A woman suffering a chronic migraine headache went for a lie down only to wake talking in a – FRENCH ACCENT.
Kay Russell, 49, spoke with a well-clipped accent until the acute migraine struck and she woke to find her speech was ”strange and slurred’ before it turned into a Gallic drawl.
Former saleswoman Kay went to hospital where she saw a neurologist and underwent an MRI scan who discovered the migraine had inflicted a mild form of brain damage.
Doctors diagnosed Kay with Foreign Accent Syndrome (FAS) – an extremely rare condition which damages part of the brain controlling speech and the way words are formed.
It is a one-in-250 million condition and there are just 60 recorded cases in the world.
Speaking yesterday, Kay, of Bishops Cleeve, near Cheltenham, Glos., said the condition had ”ruined her life” after it shattered her confidence forcing her to quit her job.
Kay, who has only ever been to France twice and hasn’t spoken the language since her O-Levels said: ”As a sufferer of this syndrome you are not trying to speak in an accent, it is a speech impediment.
”Whatever accent you hear, it is in the ears of the listener.
”My facial muscle movements are different, the inclination is different and the pronunciation.
”It also affects my hands and makes me write with a foreign accent. For example, I say peoples not people and that is how I would write it.
”A lot of people come up and say ‘what a lovely voice you have’.
”You lose your identity and an awful lot about yourself. I feel like I come across as a different person.
”It’s not just my voice I miss. I would love to have my old voice back obviously. But it goes way way beyond that. It’s the person I was – the person I want to be.
”People say to me I sound Eastern European or Russian.”
Divorcee Kay, who has two grown-up children and five grandchildren, has suffered migraines for years, which have worsened recently.
But she suffered a particularly intense attack on January 4 this year which left her bed-bound in agonising pain.
Kay awoke to find her voice pattern was slurred and when it eventually cleared Kay spoke with a strong Gallic accent.
She was forced to quit her job as a sales executive for Premiere Products in Cheltenham because the condition meant she was unable to carry out her role.
Kay misses out function words such as ‘a’, ‘of’ and ‘to’ and also slips into foreign dialect using ‘people’s’ instead of ‘people’.

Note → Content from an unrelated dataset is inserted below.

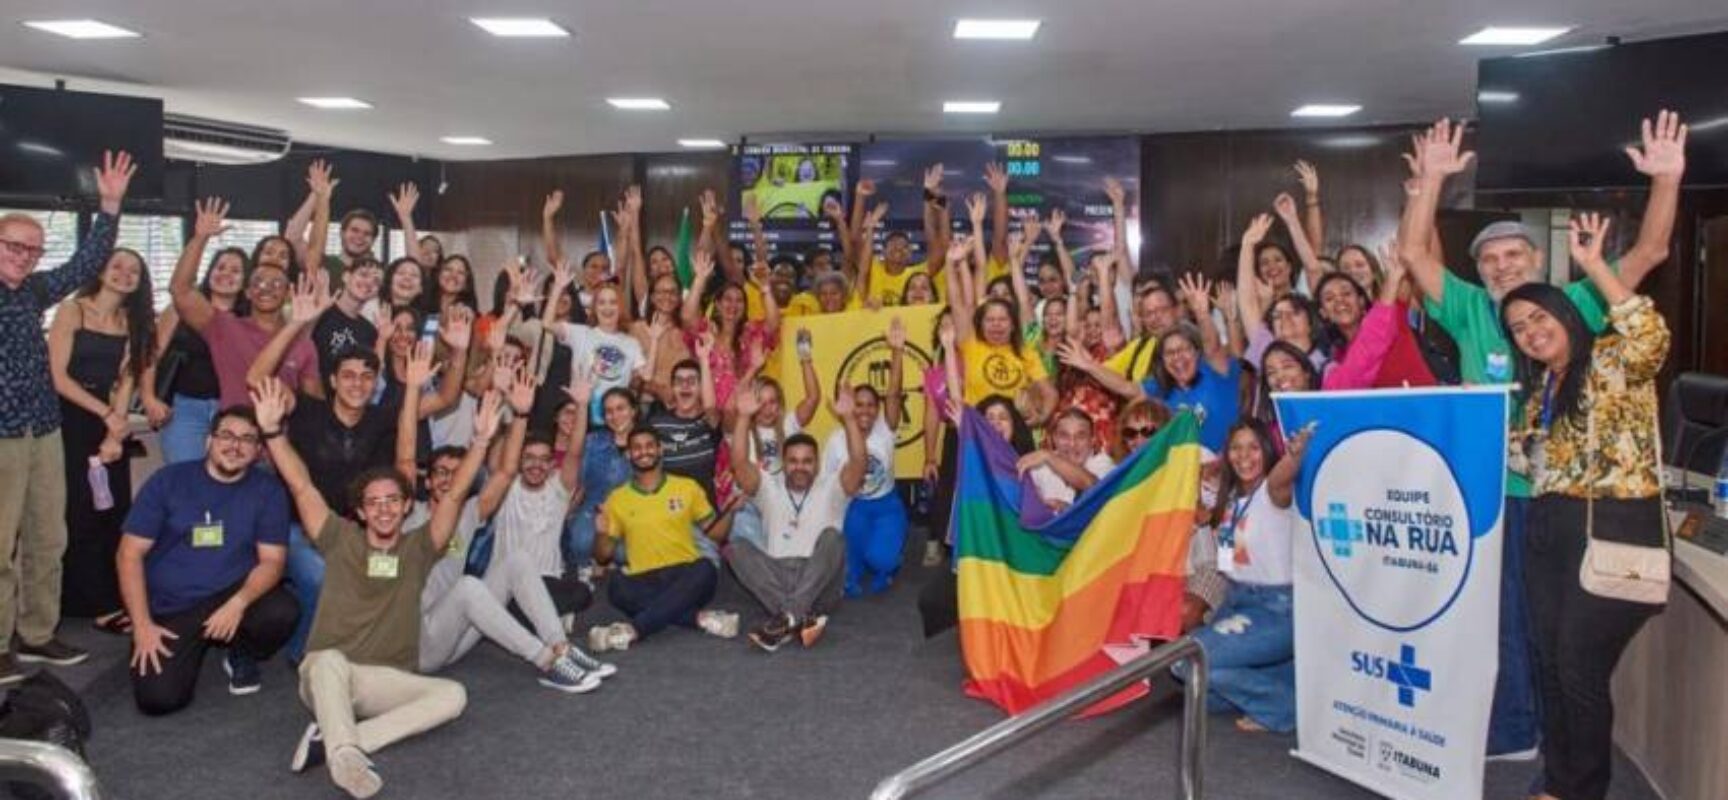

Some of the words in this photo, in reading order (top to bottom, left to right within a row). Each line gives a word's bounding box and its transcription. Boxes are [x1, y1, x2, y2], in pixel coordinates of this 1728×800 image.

She visited experts who diagnosed FAS, which can last for days, weeks, months, years or forever and there is currently no known cure.
There is little evidence or research done on the causes but the effects can be devastating, with even friends and relatives unable to recognise her.
FAS is an extremely rare disorder where parts of the brain that control speech are damaged, usually by a stroke or injury.
The condition is actually a speech impediment where the listener interprets a foreign accent.
Professor Nick Miller, from Newcastle University, is an expert on the subject and said there is no known cure for the condition, which can leave sufferers ‘devastated’.
He said: ”A lot of people with Foreign Accent Syndrome speak of a loss of their former accent or speak in terms of bereavement as though they have lost a bit of the their former selves.
”They say part of their personality has died almost or been lost to them.”
Experts believe there are around 60 people in the world currently suffering with FAS, including a 35 year-old from Devon whose thick West Country drawl was altered to Chinese.
Other cases include an American who began speaking in a French accent following a car crash, a British man sounding Mexican, a Norwegian developing a German accent, and a Portuguese man sounding Chinese.